Apply retention policies task causing slowness in the UI

Hi,
We are currently running version 2022.2.6971, are we are seeing an issue when the Apply retention policy tasks are running.
While the tasks are running the UI is very slow and I have noticed that a high number of tasks will appear that are waiting in the queue. Then when I select the waiting in queue the UI does not respond. Then the high number of tasks in the queue will suddenly drop to a single figure.
The Apply retention policy tasks run every 4 hours and is impacting the UI response.

Also the DTUs are spiking to 100% while this is happening.

Kind Regards,
Micheál Power

Hi @mikepower79,

Thank you for contacting Octopus Support. I’m sorry you are running into this issue.

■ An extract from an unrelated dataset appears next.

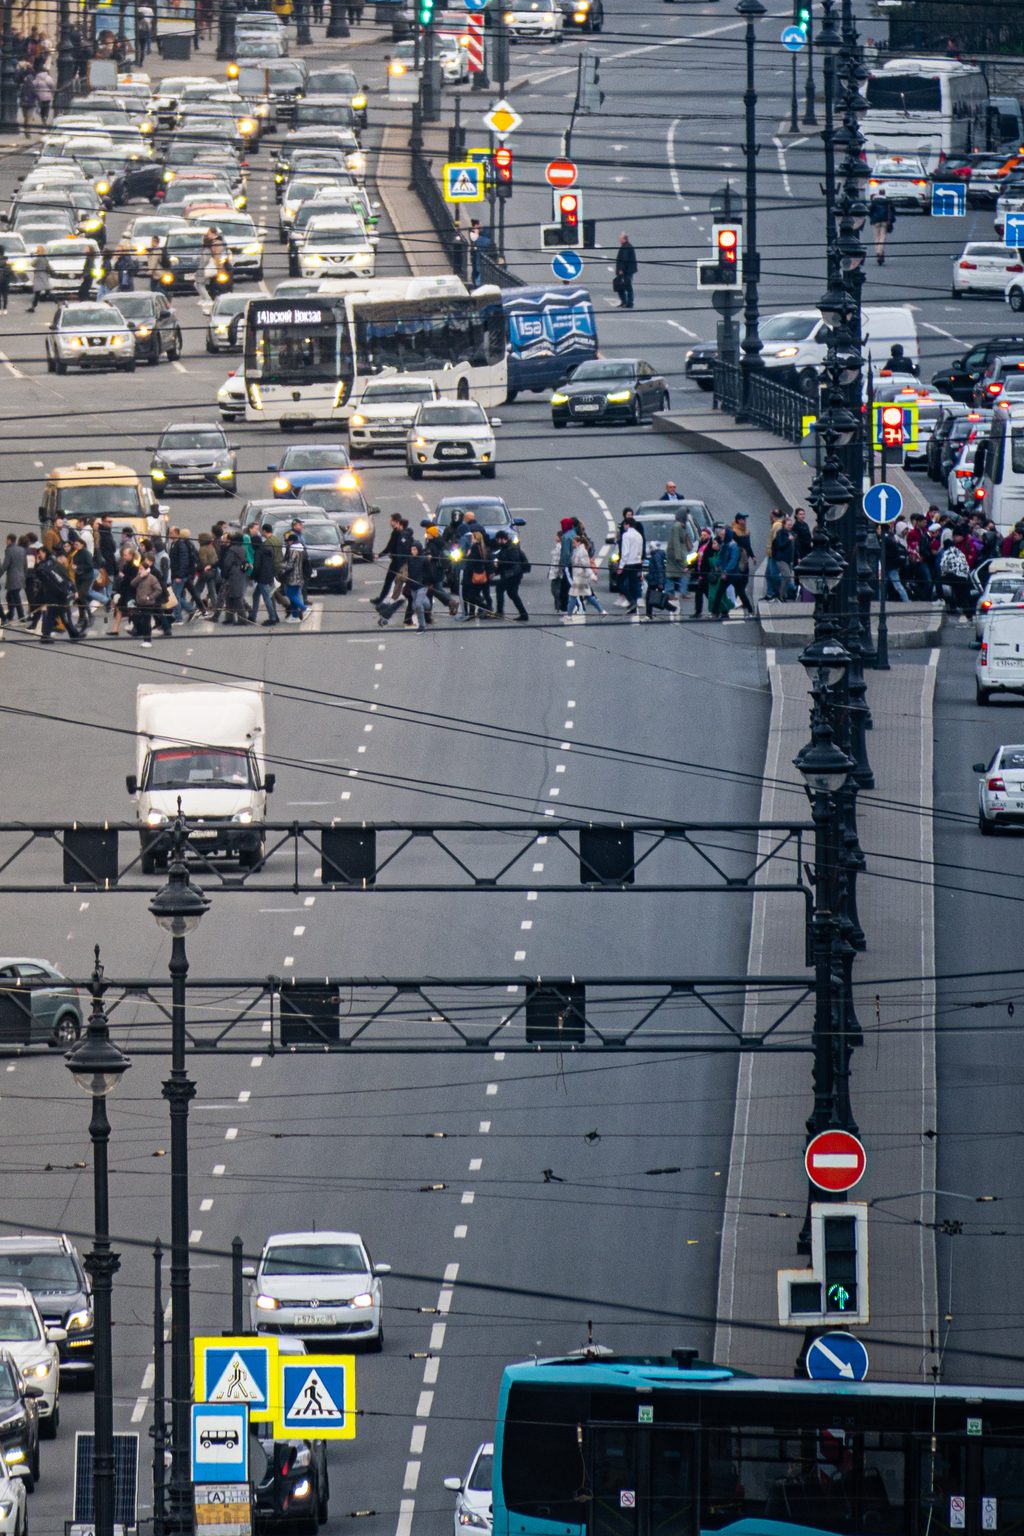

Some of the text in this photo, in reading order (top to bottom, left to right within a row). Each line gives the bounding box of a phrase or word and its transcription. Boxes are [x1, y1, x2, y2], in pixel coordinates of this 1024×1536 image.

[568, 213, 576, 225] 4
[726, 250, 735, 263] 4
[884, 428, 902, 446] 34

I hope you don’t mind, I have a few clarifying questions:

  • Approximately how many “Apply retention policies” tasks are being created at once?
  • Is this only occurring once every 4 hours?
  • Do you have any automation in place that re-runs tasks?
  • Are any other tasks exhibiting similar behavior?

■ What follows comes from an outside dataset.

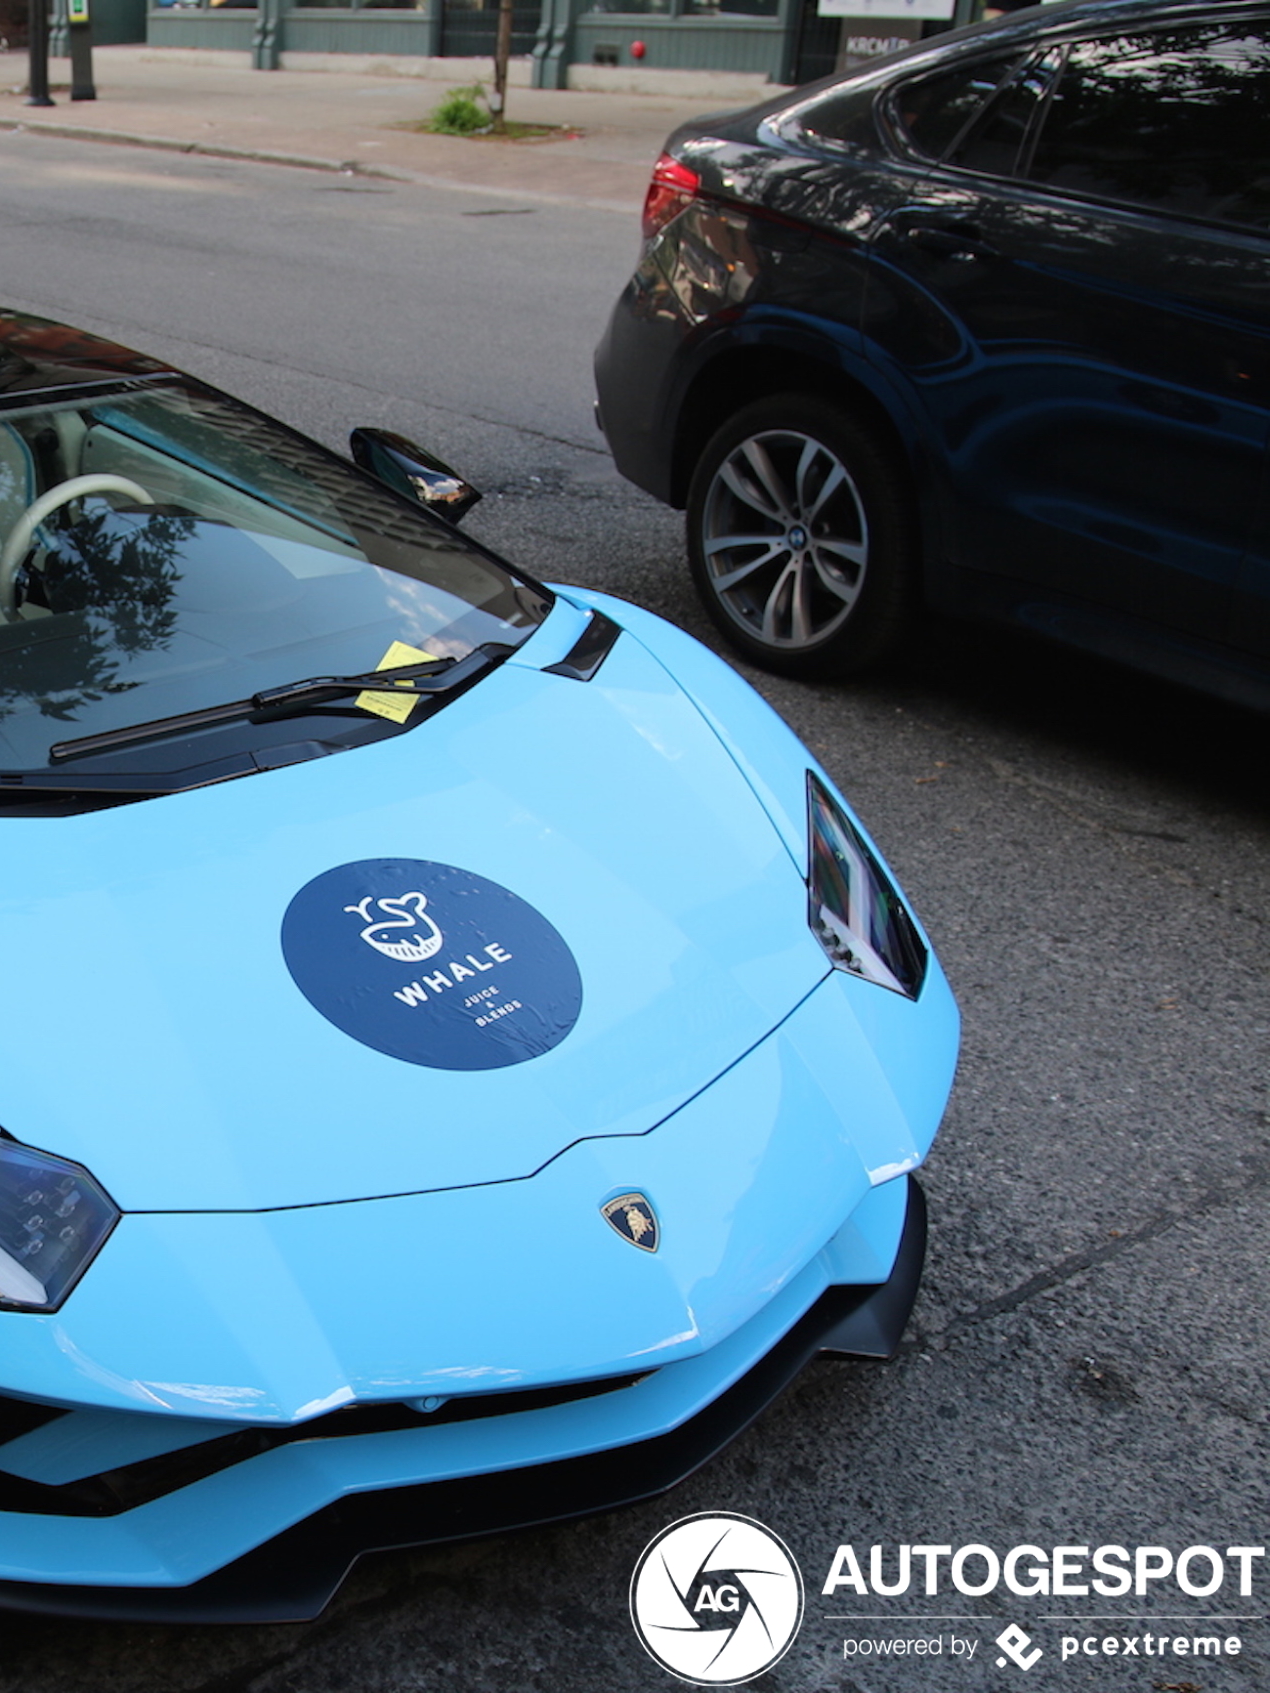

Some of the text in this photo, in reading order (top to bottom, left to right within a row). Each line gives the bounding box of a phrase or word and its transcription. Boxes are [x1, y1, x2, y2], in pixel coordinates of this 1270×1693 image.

[393, 943, 512, 1007] WHALE
[464, 985, 499, 1008] JUICE
[475, 1000, 523, 1027] BLENDS

You may get additional information by clicking on one of the “Apply retention policies” tasks and checking the pane on the right side. Here is an example that shows a user re-ran the task:

I look forward to hearing back from you.

Best Regards,
Donny

Hi @donny.bell,
There are 24 Apply Retention Policies task that ran at 2:15PM today.
Yes every 4 hours
No automation in place that re-runs tasks

As you can see the Apply Retention Policies tasks take about 20 minutes to complete

Also the Task history is empty on each task , so the task was no re-run

Kind Regards,
Micheál Power

Hi @mikepower79,

Thank you for the quick response.

Could you upload a copy of your Server Logs via this secure upload link?

If we don’t find any hints in the Server Logs, I may need to lean on our Development Team to get their eyes on this issue.

Let me know once you are able to upload the logs and I’ll have a look.

Best Regards,
Donny

Hi @donny.bell,

I will send on logs to you, I have to get logs from each node as Octopus is running on AKS.
I have seen in the Diagnostics that spaces = 1185, and we only have about 30 spaces.
Why is it showing such a high number of spaces?

Would this have anything to do with the slowness when Apply Retention Policies is running?

Kind Regards,
Micheál Power

Hey @mikepower79,

Donny is away today so we will await the logs you send over. I just wanted to alleviate your concerns on the amount of spaces your Octopus instance is showing.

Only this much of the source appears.